TASK OBJECTIVE: Write each line out exactly, from the one containing "Some of the words" through the final line of the data, and keep pictures out of the copy.

Dataset entries:

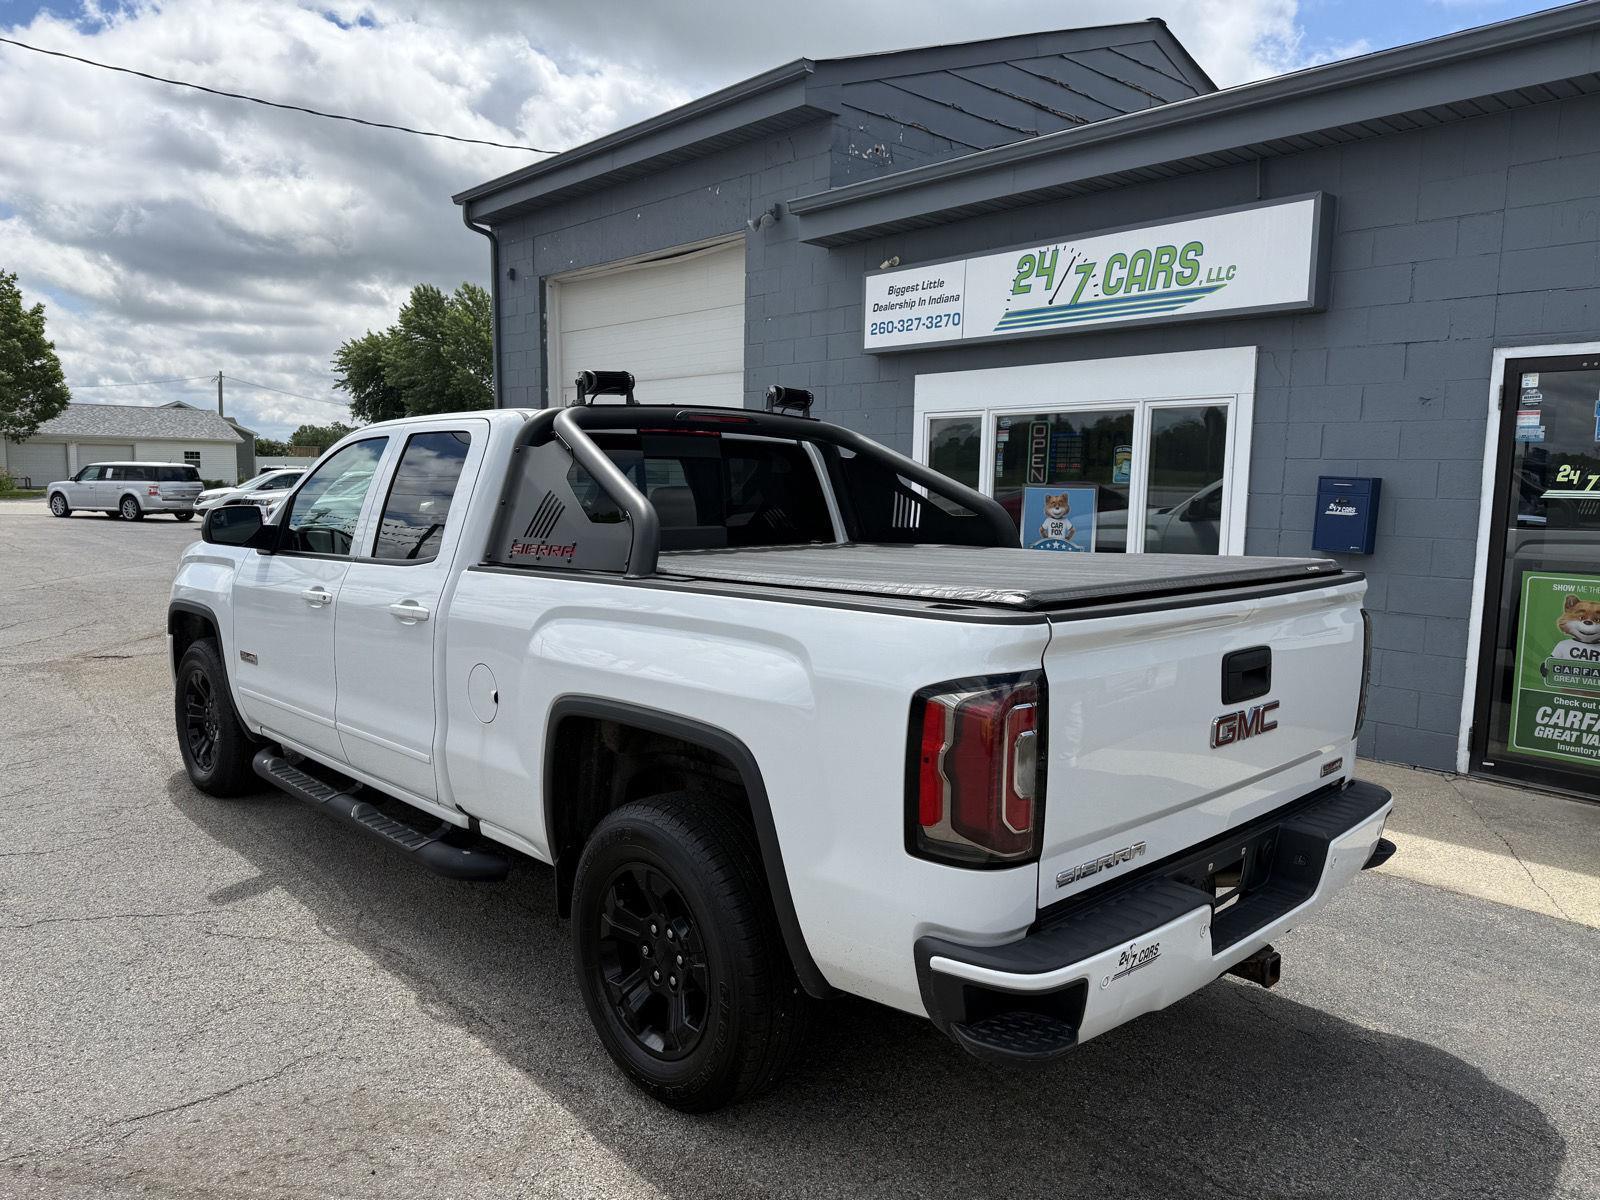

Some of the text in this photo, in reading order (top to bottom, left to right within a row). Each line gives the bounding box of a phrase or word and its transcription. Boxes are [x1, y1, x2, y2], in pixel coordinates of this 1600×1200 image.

[888, 278, 945, 297] Biggest Little
[872, 294, 960, 312] Dealership In Indiana
[870, 312, 961, 336] 260-327-3270
[1031, 425, 1047, 482] OPEN
[511, 543, 576, 558] SIERRA
[1552, 583, 1576, 592] SHOW
[1576, 585, 1588, 593] ME
[1570, 647, 1600, 661] CAR
[1553, 674, 1580, 684] GREAT
[1554, 696, 1596, 710] Check out
[1210, 700, 1279, 749] GMC
[1534, 725, 1600, 747] GREAT VA
[1056, 841, 1147, 889] SIERRA
[1138, 942, 1160, 963] CARS
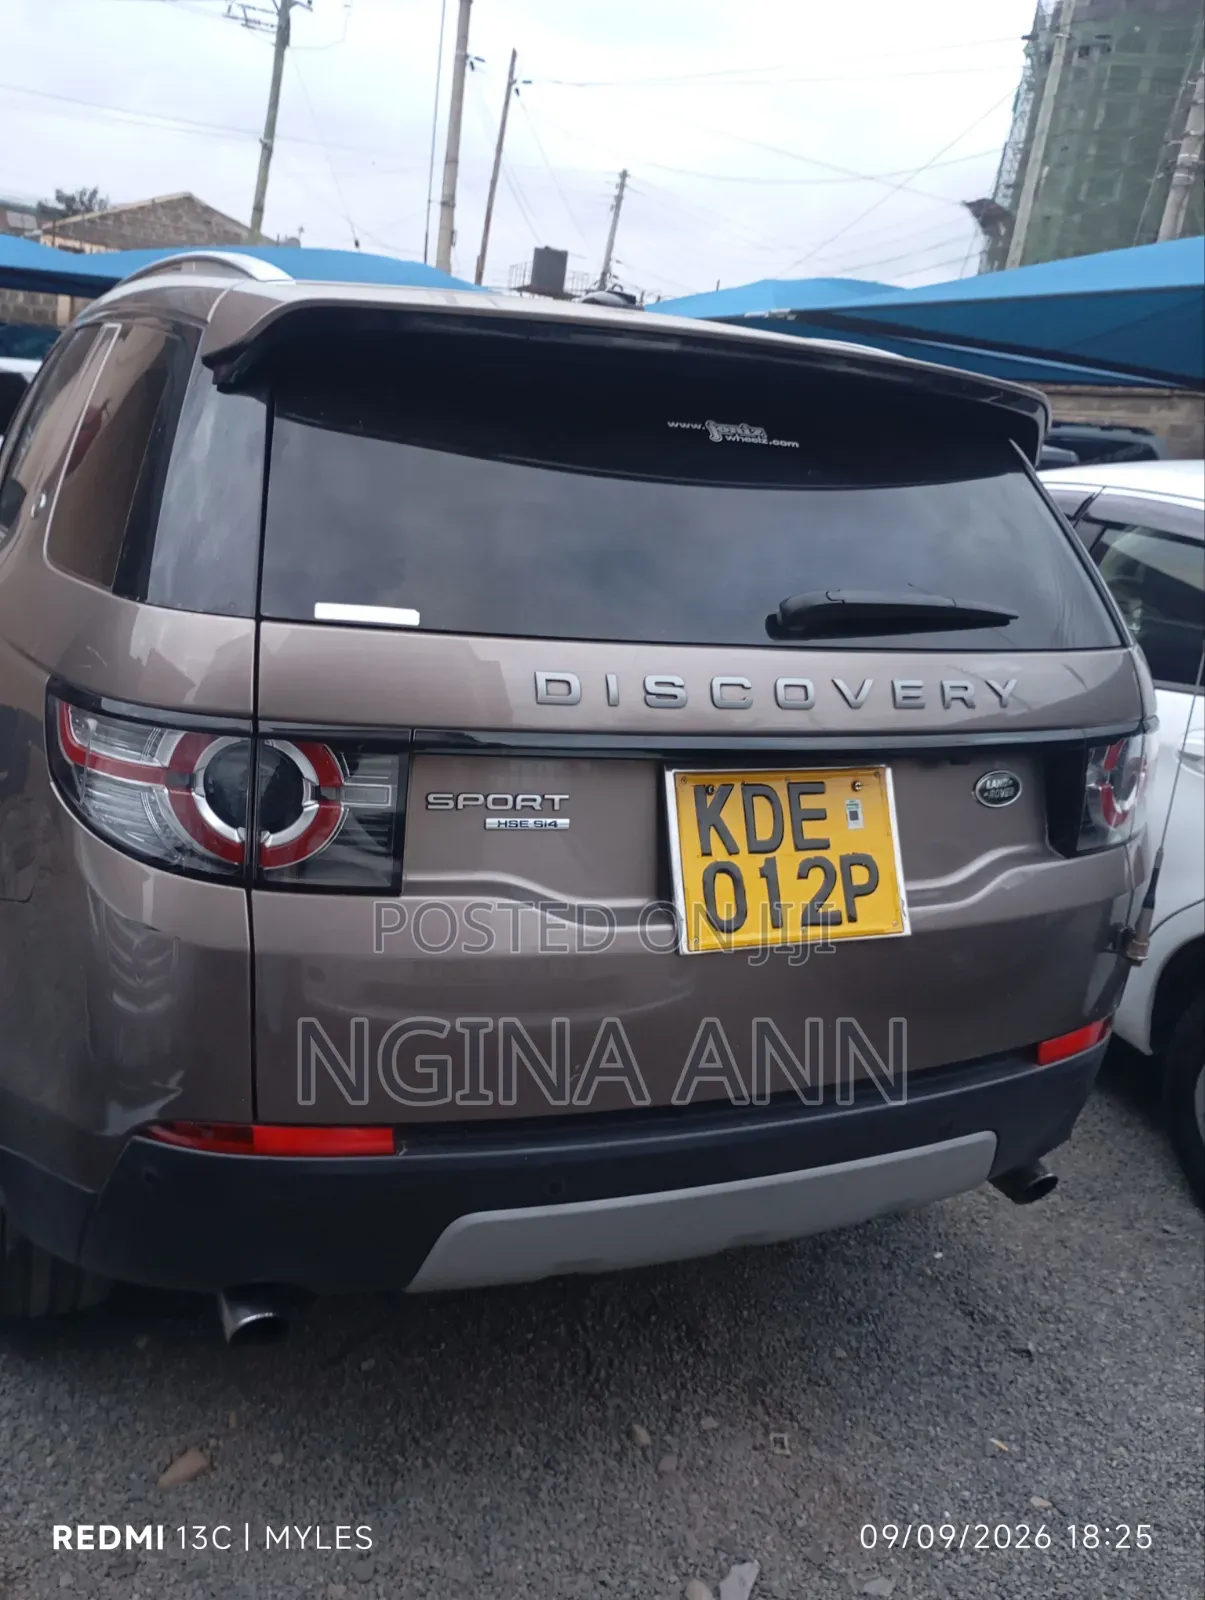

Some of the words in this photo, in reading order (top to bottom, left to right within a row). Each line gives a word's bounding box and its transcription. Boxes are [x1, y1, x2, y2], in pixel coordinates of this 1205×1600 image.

[534, 670, 1018, 710] DISCOVERY
[426, 792, 570, 811] SPORT
[693, 781, 831, 857] KDE
[497, 819, 529, 828] HSE
[533, 819, 558, 828] Si4
[702, 852, 880, 934] 012P
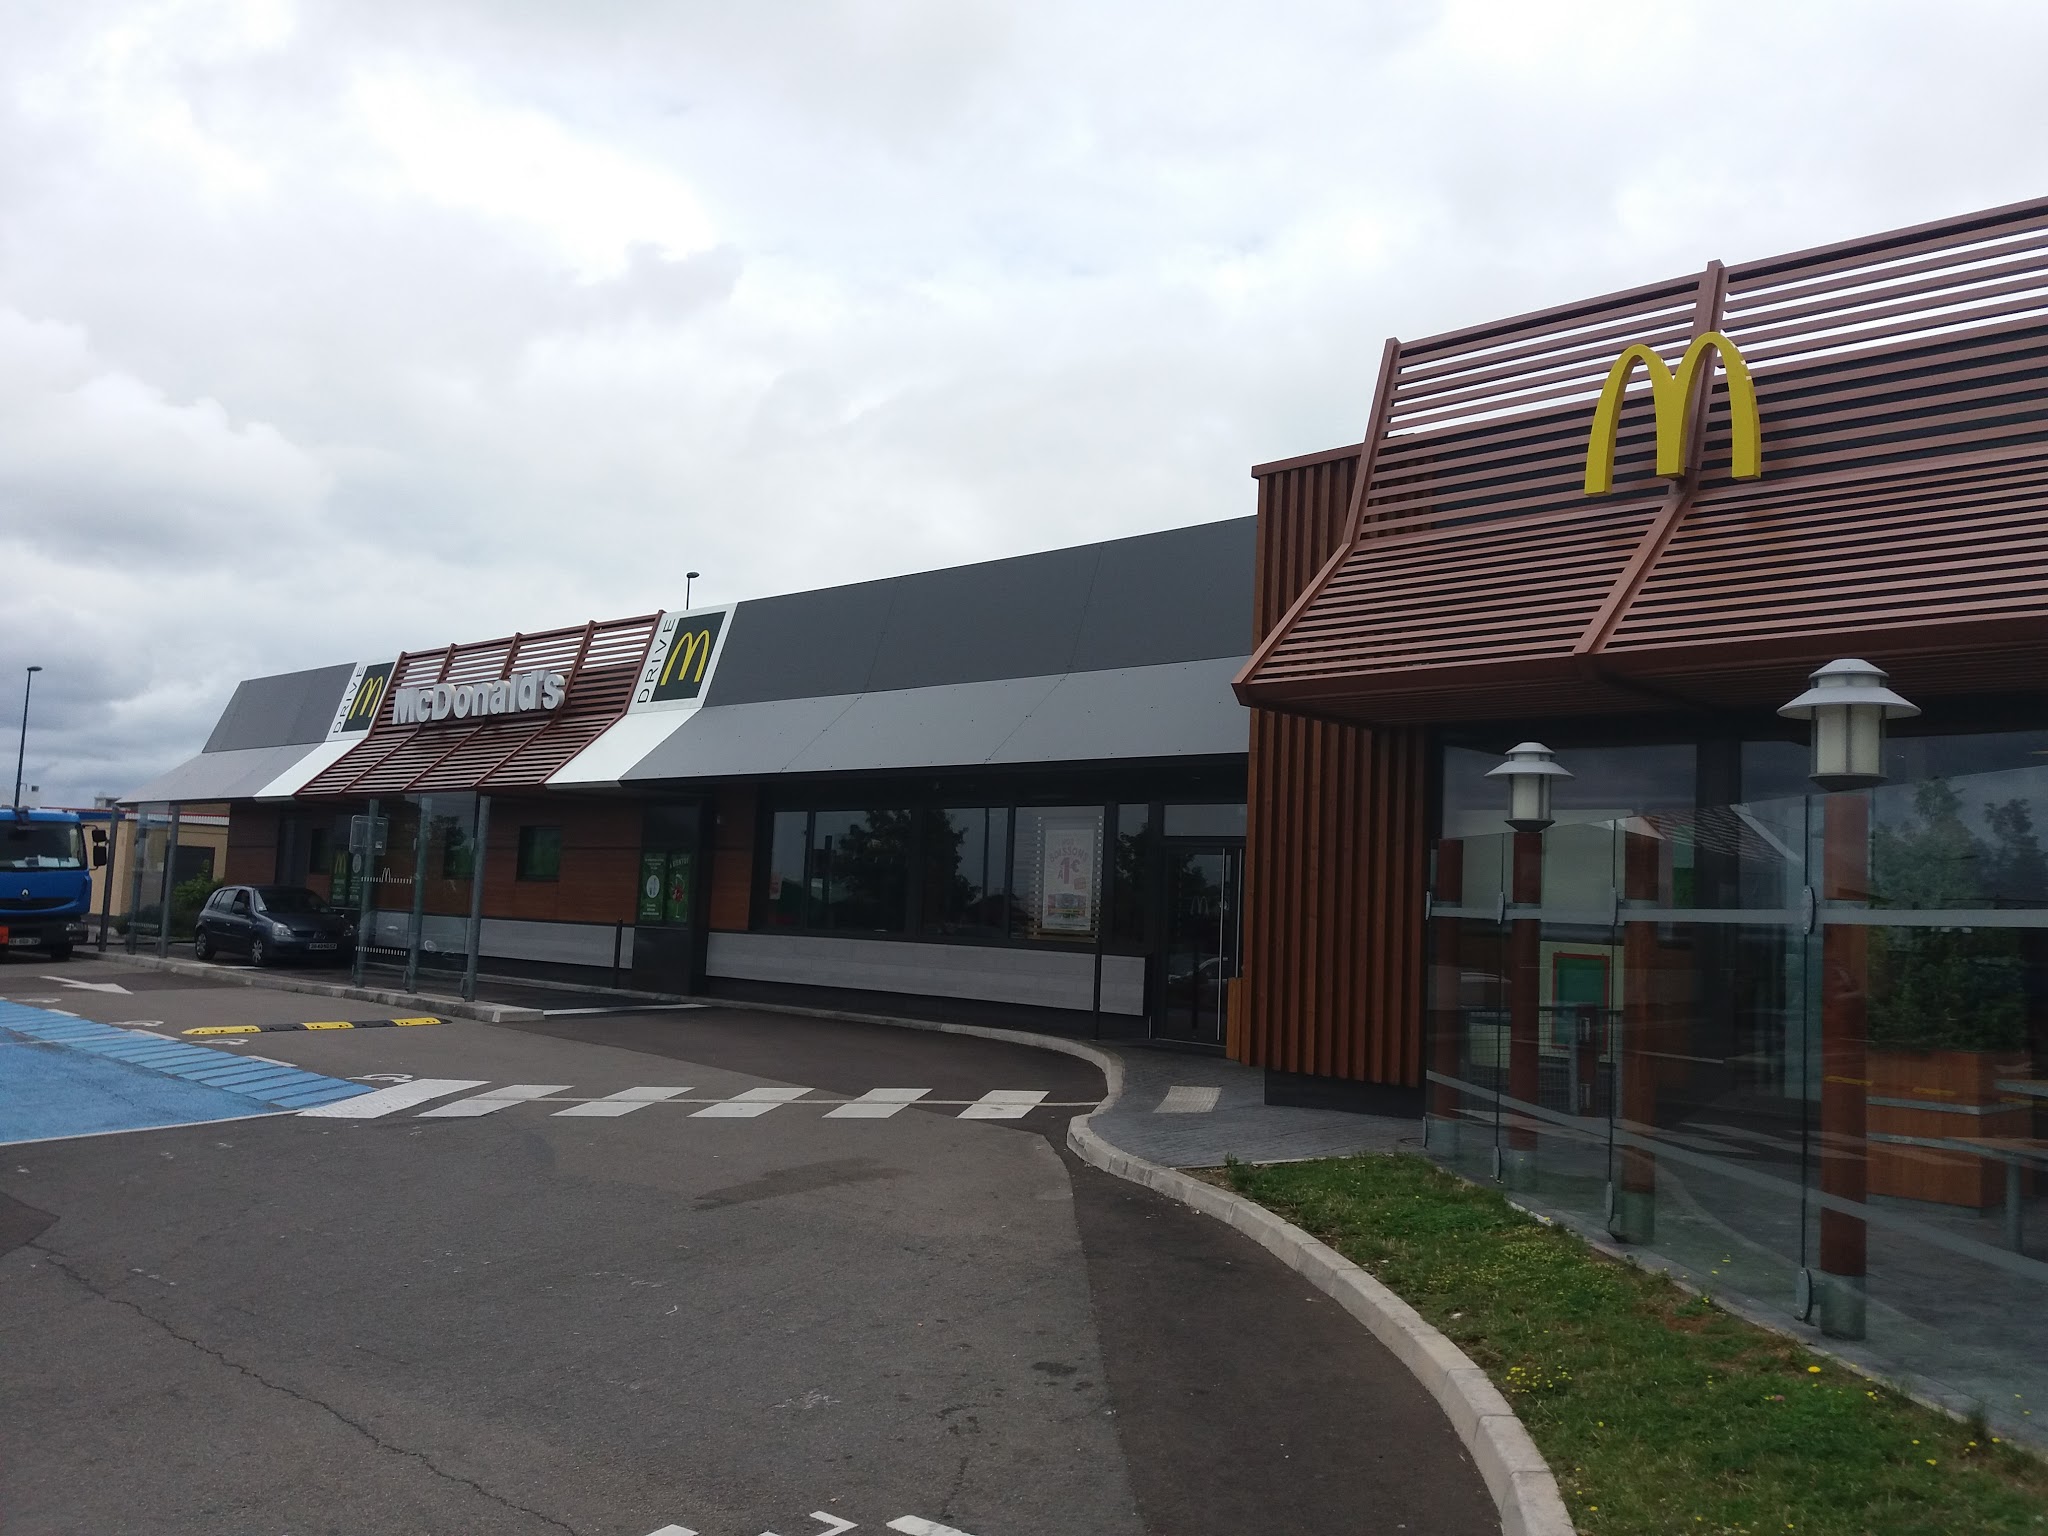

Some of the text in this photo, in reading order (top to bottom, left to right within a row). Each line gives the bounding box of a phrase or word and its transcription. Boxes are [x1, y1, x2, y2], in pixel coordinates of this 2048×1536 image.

[637, 619, 676, 703] DRIVE
[333, 666, 365, 733] DRIVE
[392, 670, 566, 725] McDonald's
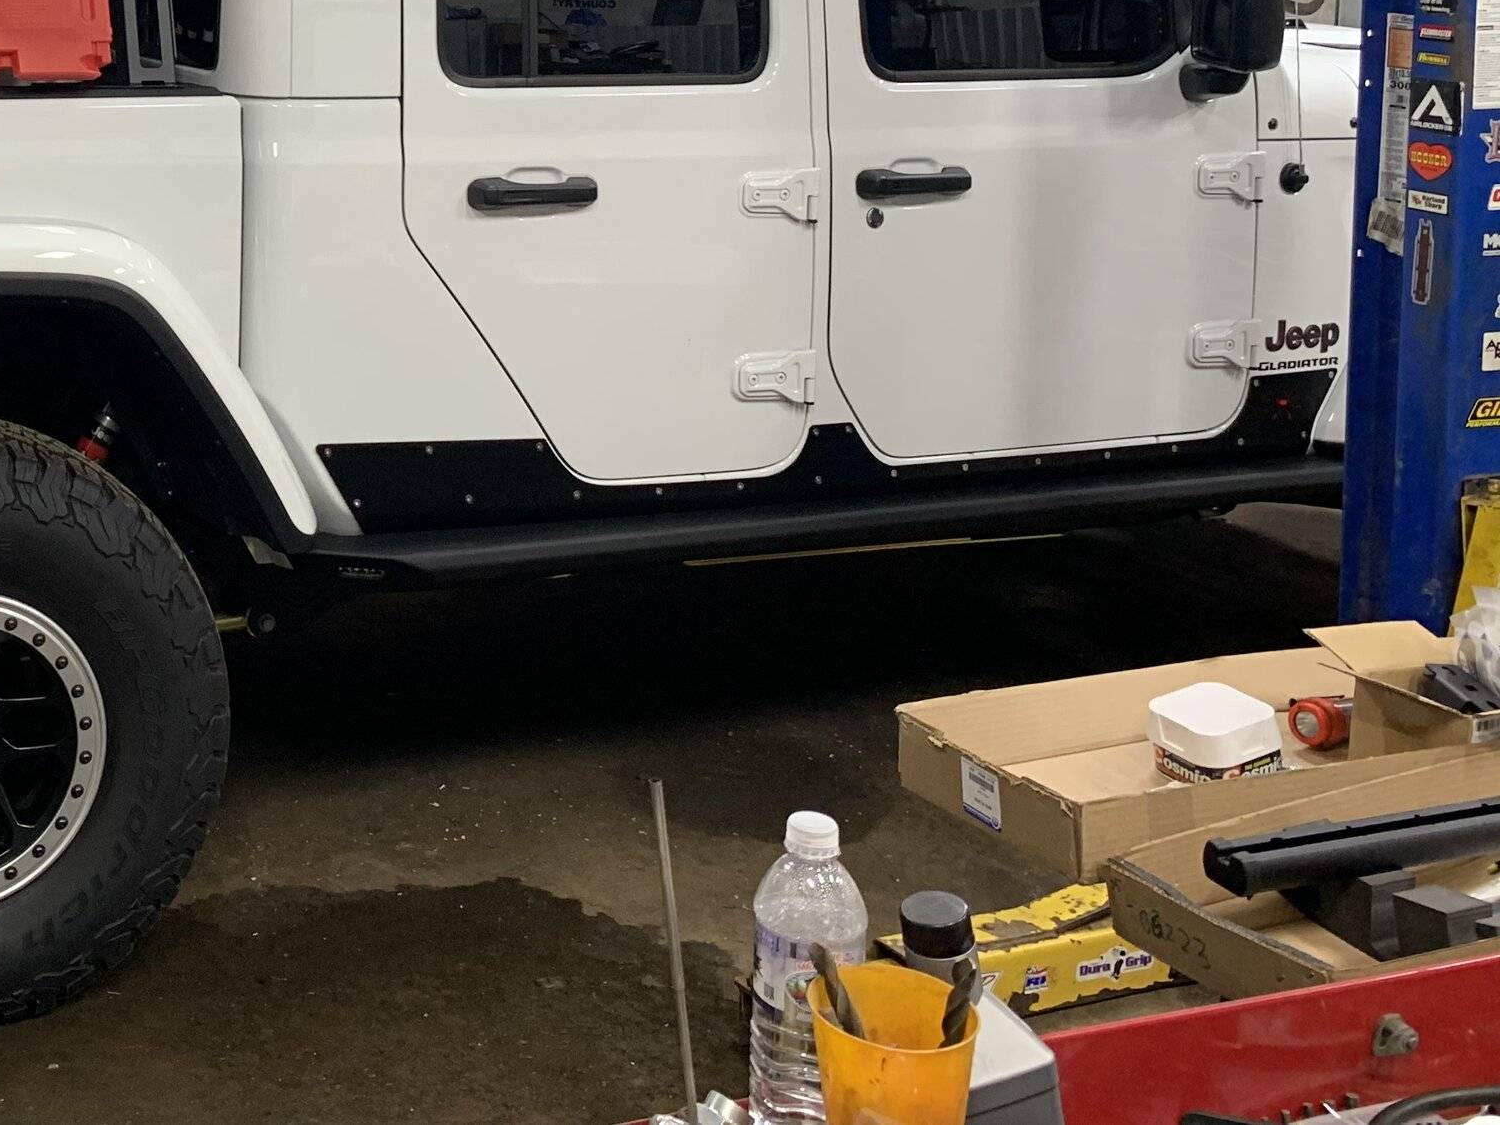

EXERCISE RESULT:
Some of the words in this photo, in reading order (top to bottom, left to right within a row). Each line gives a word's bounding box and its transcription. Boxes are [x1, y1, x2, y2], in pixel coordinates of this 1205×1600 image.

[534, 670, 1018, 710] DISCOVERY
[426, 792, 570, 811] SPORT
[693, 781, 831, 857] KDE
[497, 819, 529, 828] HSE
[533, 819, 558, 828] Si4
[702, 852, 880, 934] 012P

Some of the text in this photo, in reading order (top to bottom, left to right within a row). Each line gives the bounding box of a phrase or word and its transcription. Boxes are [x1, y1, x2, y2], in pixel coordinates of this 2048×1536 image.

[637, 619, 676, 703] DRIVE
[333, 666, 365, 733] DRIVE
[392, 670, 566, 725] McDonald's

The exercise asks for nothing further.